EXERCISE DETAILS> Down to the last character, transcribe every record.

INPUT DATA>
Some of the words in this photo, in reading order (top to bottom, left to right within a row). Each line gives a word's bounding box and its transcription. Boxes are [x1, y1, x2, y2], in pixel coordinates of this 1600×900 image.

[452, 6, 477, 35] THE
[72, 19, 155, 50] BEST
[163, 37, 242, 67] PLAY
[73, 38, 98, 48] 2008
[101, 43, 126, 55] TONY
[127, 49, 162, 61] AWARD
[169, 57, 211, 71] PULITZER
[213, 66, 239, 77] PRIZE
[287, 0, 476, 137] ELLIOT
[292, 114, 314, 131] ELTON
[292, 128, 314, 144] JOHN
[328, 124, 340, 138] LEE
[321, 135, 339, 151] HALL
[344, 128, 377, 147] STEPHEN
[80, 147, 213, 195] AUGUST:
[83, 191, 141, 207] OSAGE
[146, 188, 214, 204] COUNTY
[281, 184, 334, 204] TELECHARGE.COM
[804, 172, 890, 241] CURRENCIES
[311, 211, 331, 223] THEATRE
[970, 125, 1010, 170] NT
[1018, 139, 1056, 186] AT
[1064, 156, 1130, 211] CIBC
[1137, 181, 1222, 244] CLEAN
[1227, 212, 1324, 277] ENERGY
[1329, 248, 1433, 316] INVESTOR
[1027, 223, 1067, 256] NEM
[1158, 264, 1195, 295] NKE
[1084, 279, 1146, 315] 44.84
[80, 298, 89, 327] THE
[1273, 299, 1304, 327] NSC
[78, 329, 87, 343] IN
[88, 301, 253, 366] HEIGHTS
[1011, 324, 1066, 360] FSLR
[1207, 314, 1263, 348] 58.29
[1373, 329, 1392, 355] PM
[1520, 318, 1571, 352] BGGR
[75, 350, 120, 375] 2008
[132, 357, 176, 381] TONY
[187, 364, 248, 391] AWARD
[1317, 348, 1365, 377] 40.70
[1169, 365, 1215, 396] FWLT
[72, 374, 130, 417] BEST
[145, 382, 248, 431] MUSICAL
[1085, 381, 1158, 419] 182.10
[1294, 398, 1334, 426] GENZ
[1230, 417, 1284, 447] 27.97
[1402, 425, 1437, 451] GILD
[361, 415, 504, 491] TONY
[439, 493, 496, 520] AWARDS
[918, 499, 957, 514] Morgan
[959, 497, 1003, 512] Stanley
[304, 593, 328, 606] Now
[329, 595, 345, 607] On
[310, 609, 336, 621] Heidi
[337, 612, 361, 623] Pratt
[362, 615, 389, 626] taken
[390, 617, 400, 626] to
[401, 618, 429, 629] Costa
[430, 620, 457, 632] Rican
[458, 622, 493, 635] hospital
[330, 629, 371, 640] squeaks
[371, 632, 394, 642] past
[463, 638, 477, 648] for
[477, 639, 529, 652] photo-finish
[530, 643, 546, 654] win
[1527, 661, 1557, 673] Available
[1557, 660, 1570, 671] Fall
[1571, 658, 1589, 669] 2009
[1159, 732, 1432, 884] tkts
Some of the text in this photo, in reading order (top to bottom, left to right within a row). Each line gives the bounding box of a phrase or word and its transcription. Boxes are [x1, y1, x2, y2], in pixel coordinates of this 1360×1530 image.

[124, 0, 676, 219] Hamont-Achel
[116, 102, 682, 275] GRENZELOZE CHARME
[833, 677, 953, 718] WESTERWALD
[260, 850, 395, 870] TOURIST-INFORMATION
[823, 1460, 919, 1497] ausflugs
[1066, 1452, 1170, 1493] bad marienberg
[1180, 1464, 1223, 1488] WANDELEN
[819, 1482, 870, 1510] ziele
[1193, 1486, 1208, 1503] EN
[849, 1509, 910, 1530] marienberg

RESPONSE TO THIS EXERCISE>
Some of the words in this photo, in reading order (top to bottom, left to right within a row). Each line gives a word's bounding box and its transcription. Boxes are [x1, y1, x2, y2], in pixel coordinates of this 1600×900 image.

[452, 6, 477, 35] THE
[72, 19, 155, 50] BEST
[163, 37, 242, 67] PLAY
[73, 38, 98, 48] 2008
[101, 43, 126, 55] TONY
[127, 49, 162, 61] AWARD
[169, 57, 211, 71] PULITZER
[213, 66, 239, 77] PRIZE
[287, 0, 476, 137] ELLIOT
[292, 114, 314, 131] ELTON
[292, 128, 314, 144] JOHN
[328, 124, 340, 138] LEE
[321, 135, 339, 151] HALL
[344, 128, 377, 147] STEPHEN
[80, 147, 213, 195] AUGUST:
[83, 191, 141, 207] OSAGE
[146, 188, 214, 204] COUNTY
[281, 184, 334, 204] TELECHARGE.COM
[804, 172, 890, 241] CURRENCIES
[311, 211, 331, 223] THEATRE
[970, 125, 1010, 170] NT
[1018, 139, 1056, 186] AT
[1064, 156, 1130, 211] CIBC
[1137, 181, 1222, 244] CLEAN
[1227, 212, 1324, 277] ENERGY
[1329, 248, 1433, 316] INVESTOR
[1027, 223, 1067, 256] NEM
[1158, 264, 1195, 295] NKE
[1084, 279, 1146, 315] 44.84
[80, 298, 89, 327] THE
[1273, 299, 1304, 327] NSC
[78, 329, 87, 343] IN
[88, 301, 253, 366] HEIGHTS
[1011, 324, 1066, 360] FSLR
[1207, 314, 1263, 348] 58.29
[1373, 329, 1392, 355] PM
[1520, 318, 1571, 352] BGGR
[75, 350, 120, 375] 2008
[132, 357, 176, 381] TONY
[187, 364, 248, 391] AWARD
[1317, 348, 1365, 377] 40.70
[1169, 365, 1215, 396] FWLT
[72, 374, 130, 417] BEST
[145, 382, 248, 431] MUSICAL
[1085, 381, 1158, 419] 182.10
[1294, 398, 1334, 426] GENZ
[1230, 417, 1284, 447] 27.97
[1402, 425, 1437, 451] GILD
[361, 415, 504, 491] TONY
[439, 493, 496, 520] AWARDS
[918, 499, 957, 514] Morgan
[959, 497, 1003, 512] Stanley
[304, 593, 328, 606] Now
[329, 595, 345, 607] On
[310, 609, 336, 621] Heidi
[337, 612, 361, 623] Pratt
[362, 615, 389, 626] taken
[390, 617, 400, 626] to
[401, 618, 429, 629] Costa
[430, 620, 457, 632] Rican
[458, 622, 493, 635] hospital
[330, 629, 371, 640] squeaks
[371, 632, 394, 642] past
[463, 638, 477, 648] for
[477, 639, 529, 652] photo-finish
[530, 643, 546, 654] win
[1527, 661, 1557, 673] Available
[1557, 660, 1570, 671] Fall
[1571, 658, 1589, 669] 2009
[1159, 732, 1432, 884] tkts
Some of the text in this photo, in reading order (top to bottom, left to right within a row). Each line gives the bounding box of a phrase or word and its transcription. Boxes are [x1, y1, x2, y2], in pixel coordinates of this 1360×1530 image.

[124, 0, 676, 219] Hamont-Achel
[116, 102, 682, 275] GRENZELOZE CHARME
[833, 677, 953, 718] WESTERWALD
[260, 850, 395, 870] TOURIST-INFORMATION
[823, 1460, 919, 1497] ausflugs
[1066, 1452, 1170, 1493] bad marienberg
[1180, 1464, 1223, 1488] WANDELEN
[819, 1482, 870, 1510] ziele
[1193, 1486, 1208, 1503] EN
[849, 1509, 910, 1530] marienberg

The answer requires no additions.